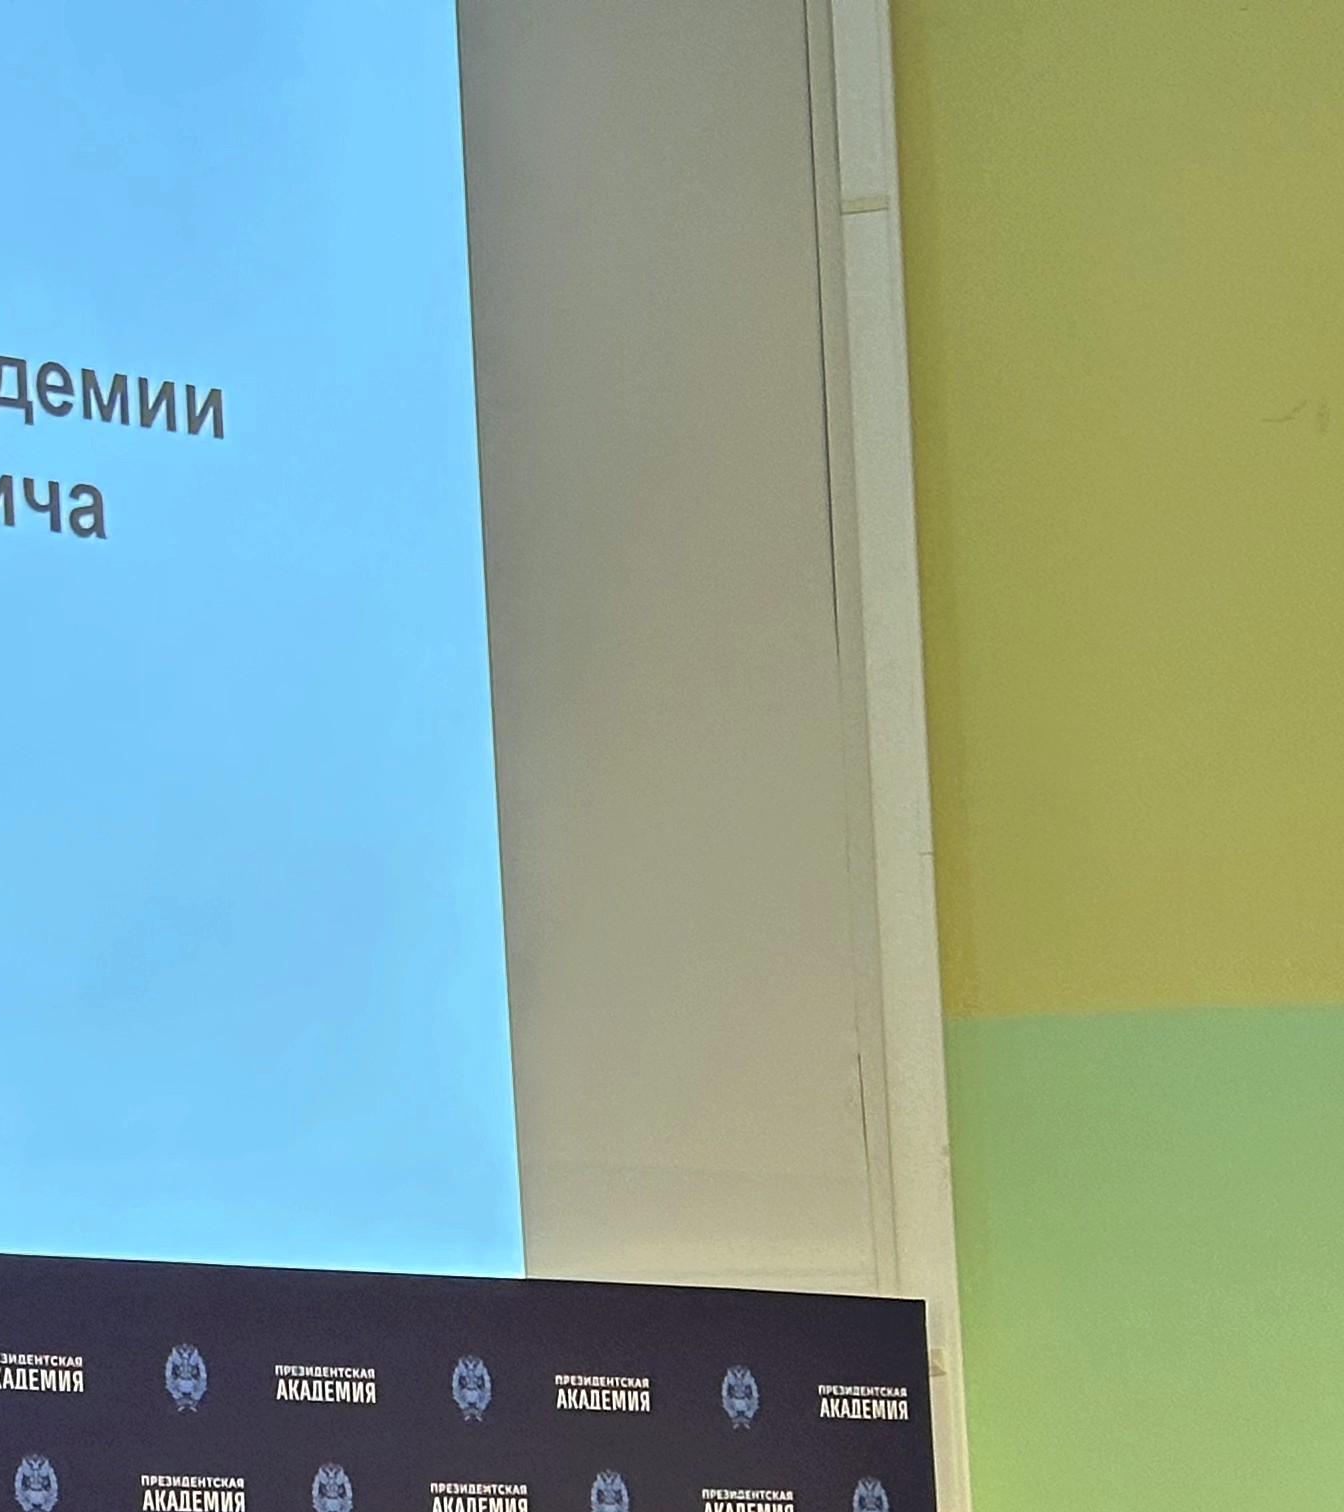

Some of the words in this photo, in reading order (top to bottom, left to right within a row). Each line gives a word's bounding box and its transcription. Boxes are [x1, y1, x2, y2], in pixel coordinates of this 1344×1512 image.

[275, 1365, 375, 1379] ПРЕЗИДЕНТСКАЯ
[555, 1375, 649, 1388] ПРЕЗИДЕНТСКАЯ
[277, 1379, 376, 1403] АКАДЕМИЯ
[819, 1385, 907, 1396] ПРЕЗИДЕНТСКАЯ
[557, 1389, 650, 1411] АКАДЕМИЯ
[820, 1398, 908, 1419] АКАДЕМИЯ
[141, 1475, 244, 1488] ПРЕЗИДЕНТСКАЯ
[431, 1483, 527, 1495] ПРЕЗИДЕНТСКАЯ
[702, 1489, 793, 1500] ПРЕЗИДЕНТСКАЯ
[143, 1490, 245, 1512] АКАДЕМИЯ
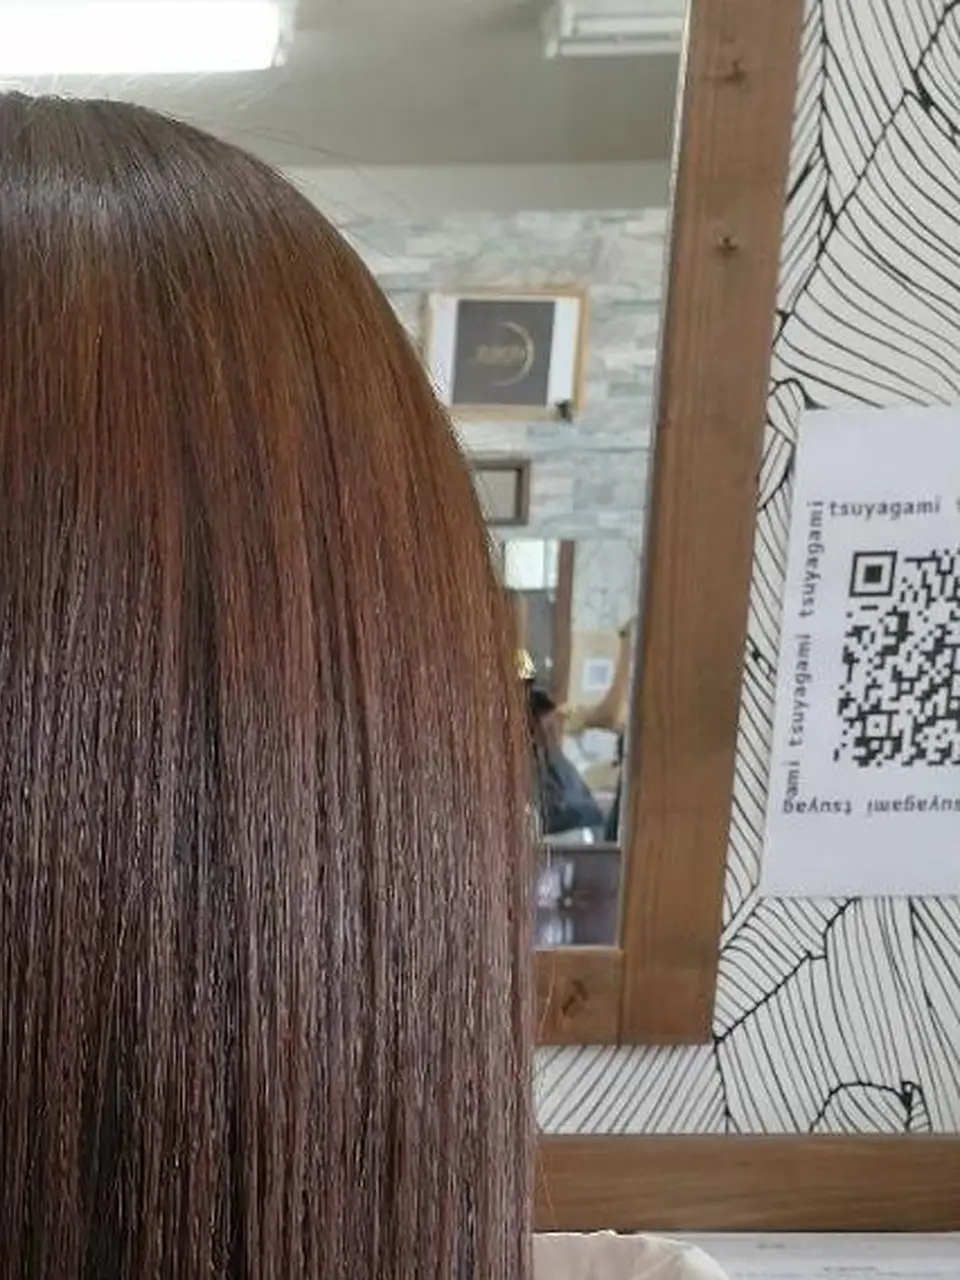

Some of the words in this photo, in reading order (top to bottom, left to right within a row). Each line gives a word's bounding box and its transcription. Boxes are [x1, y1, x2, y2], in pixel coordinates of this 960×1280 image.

[799, 500, 825, 618] tsuyagami
[829, 496, 941, 521] tsuyagami
[788, 634, 812, 746] tsuyagami
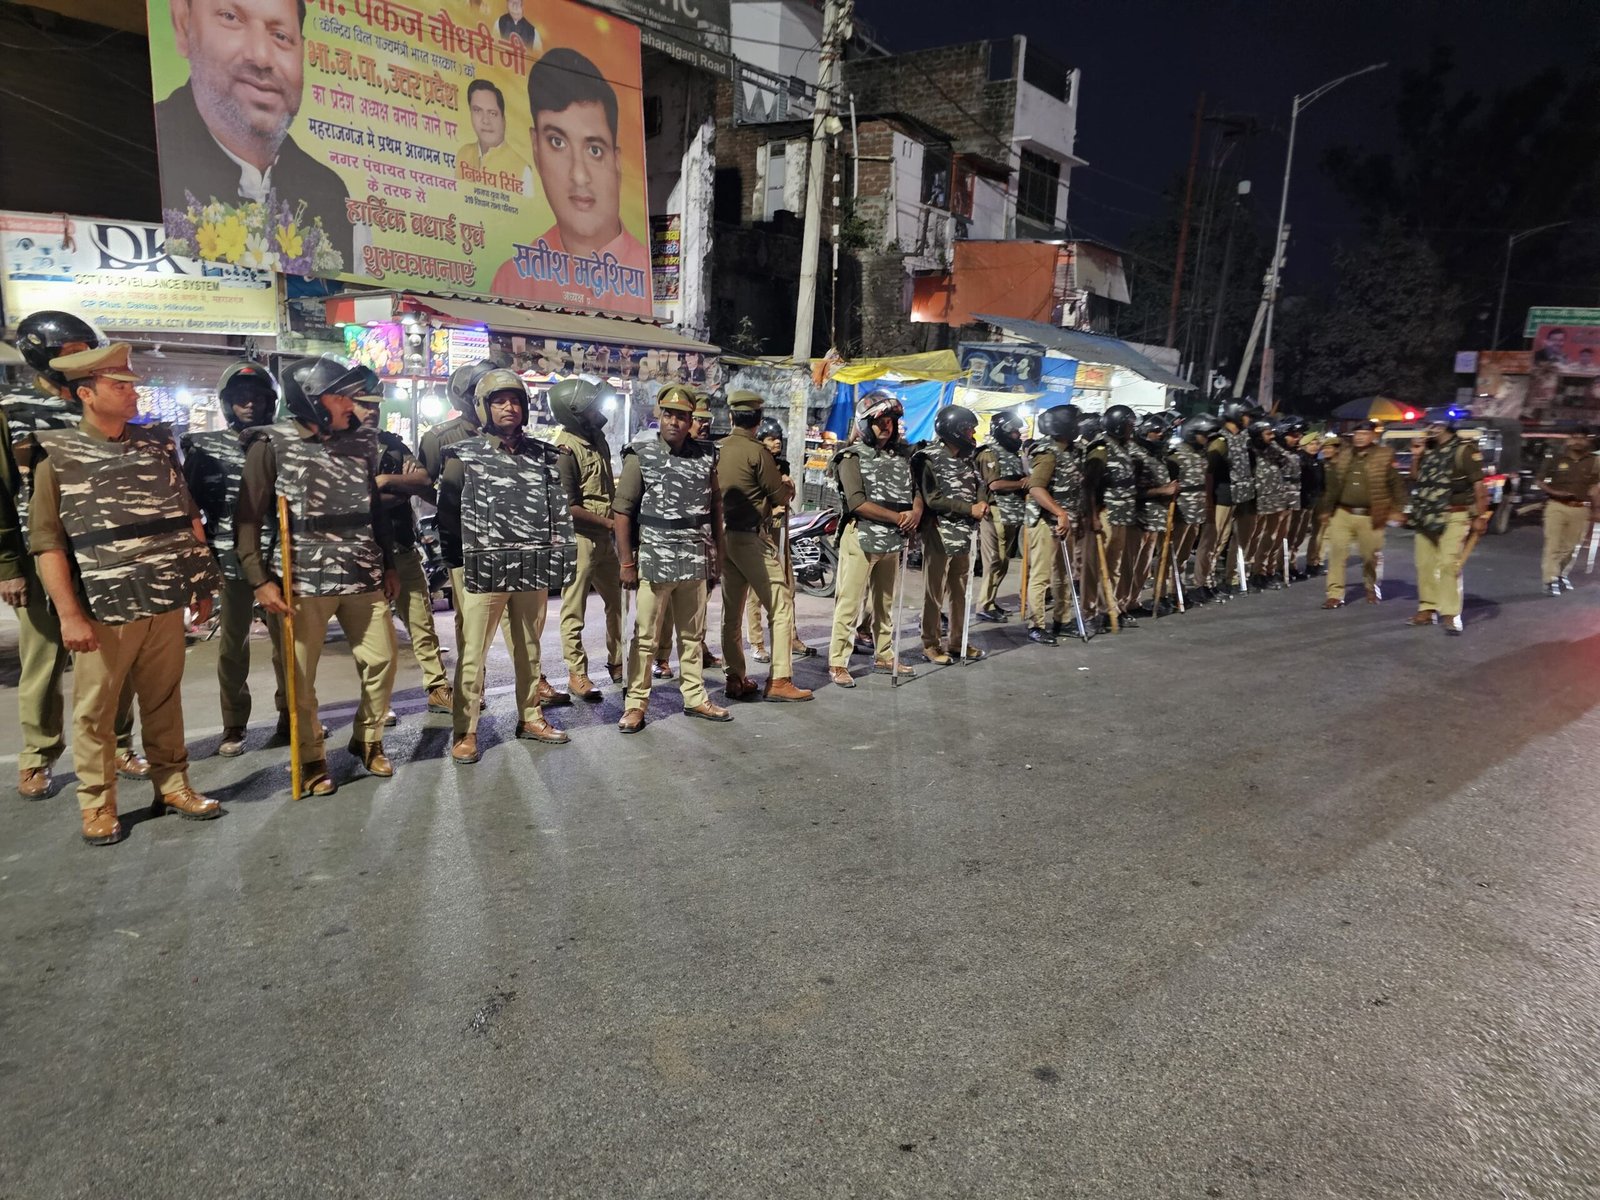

### About this exercise
All pictures must be left out. Reproduce exactly the lines from the one containing "this 960×1280 image." to the final line of the entries.

### Reply
Some of the words in this photo, in reading order (top to bottom, left to right within a row). Each line gives a word's bounding box and its transcription. Boxes are [x1, y1, x2, y2], in pixel coordinates of this 960×1280 image.

[799, 500, 825, 618] tsuyagami
[829, 496, 941, 521] tsuyagami
[788, 634, 812, 746] tsuyagami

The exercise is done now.